Bob Hawke’s granddaughter Sophie Taylor-Price vows to carry on climate action legacy

“He saw it as a collective failure of our nation that we have traded short-term interests over intergenerational equality,” Ms Taylor-Price said to warm applause.


“These past months, he expressed such great sadness that we have failed to (take action).”

Ms Taylor-Price said she grew up “in the shadow of a giant,” who had inspired her to carry on his legacy, pushing the country to take a greater stand on climate action.

“He would say that the foundations of excuses we cling to are fragile and will inevitably collapse,” a senior climate change and sustainability manager at Ernst and Young said.

“We must stop delaying the cost of change now for all we do is load our future citizens with a debt that they cannot repay.”

Ms Taylor-Price said one of Mr Hawke’s most enduring legacies was his work to prevent mining in the Antarctic in the late 1980s.

Bob Hawke and Paul Keating at the premiers conference at Parliament House in 1991.Credit:Peter Morris

Faced with a convention signed by dozens of Antarctic Treaty nations to allow mining of the area, Mr Hawke responded “bugger that,” according to Ms Taylor-Price.

“He was horrified. Refusing to sign, Bob courted the world with an ideal for something greater, better and fairer,” she said.

Australia needed to take heart from the courage her grandfather showed then, and “borrow his optimism and mirror his love for the brotherhood of humankind,” Ms Taylor-Price said.

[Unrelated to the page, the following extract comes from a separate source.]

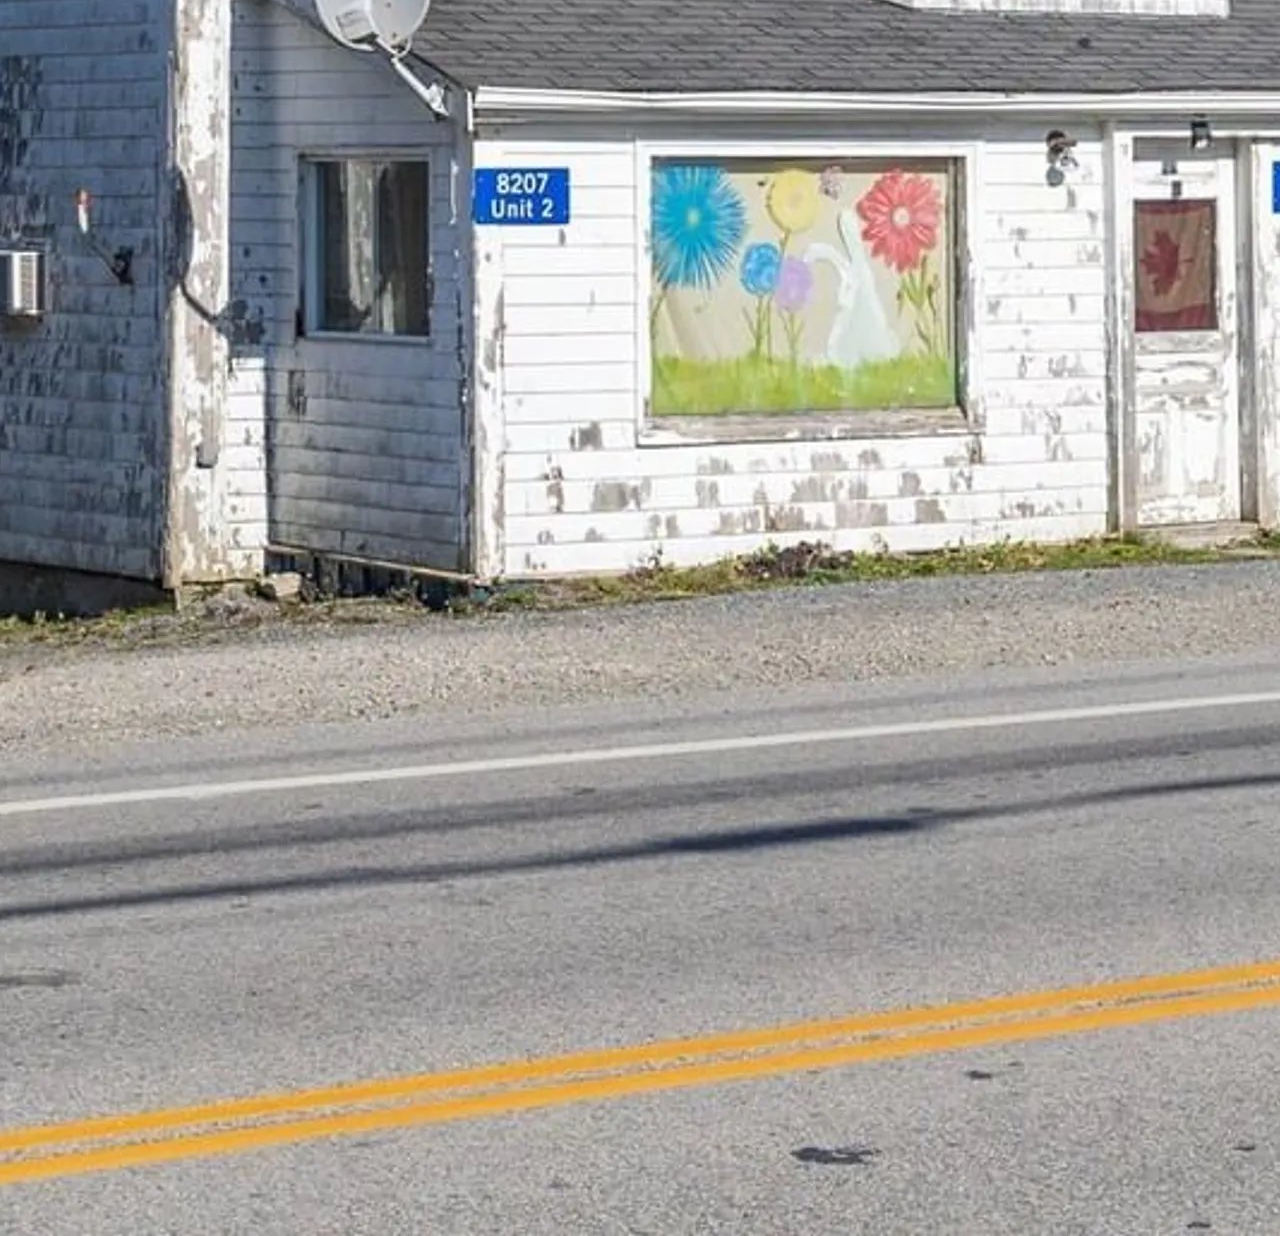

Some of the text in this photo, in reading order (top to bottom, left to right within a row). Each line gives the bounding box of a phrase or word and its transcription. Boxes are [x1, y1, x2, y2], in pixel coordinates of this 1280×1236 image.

[496, 172, 548, 194] 8207
[490, 198, 553, 218] Unit 2

“It speaks of true leadership and his willingness to be unpopular and to listen to unpopular truths.”

She acknowledged the plethora of tributes to her grandfather, but said Australia’s 23rd prime minister would only be “truly” honoured if people reflected on his achievements and applied his values to future decision making.

“Let us listen to the children and young people who parade their courage and conviction because their tomorrows will be affected by our actions today,” Ms Taylor-Price said said.

Hundreds outside on the Opera House steps for Bob Hawke memorial service.

Hundreds outside on the Opera House steps for Bob Hawke memorial service.Credit:Nick Moir

Mr Hawke’s ongoing passion and conviction for climate action and social justice was also touched upon by former trade union leader Bill Kelty.

“Bob was always – always – about those two things and when we went to see him, in his last weeks of life, he was still about the treaty with the first Australians, he was still about climate change,” Mr Kelty said.

“It was the consistency with which you’d find him, his undiluted belief in the power of an education, his undiluted belief in power of democracy, his belief in the ALP and this thing he called Australia, not a democracy, but a belief.”

Bob and Hazel Hawke leaving the Opera House in 1983.

Bob and Hazel Hawke leaving the Opera House in 1983. Credit:Paul Matthews

Ms Taylor-Price said Mr Hawke had grown into a “gruff old bugger” at times.

She wondered what he may make of the crowd gathered in the Opera House’s great hall, spilling over its steps outside to pay tribute to a man who newly appointed Labor leader Anthony Albonese described as “Australia amplified”.

“I imagine that if he were here today, he would look at me with love and with fierce pride and with a twinkle in his eye, say in his grumpy old man voice ‘Well, get on with it then’.”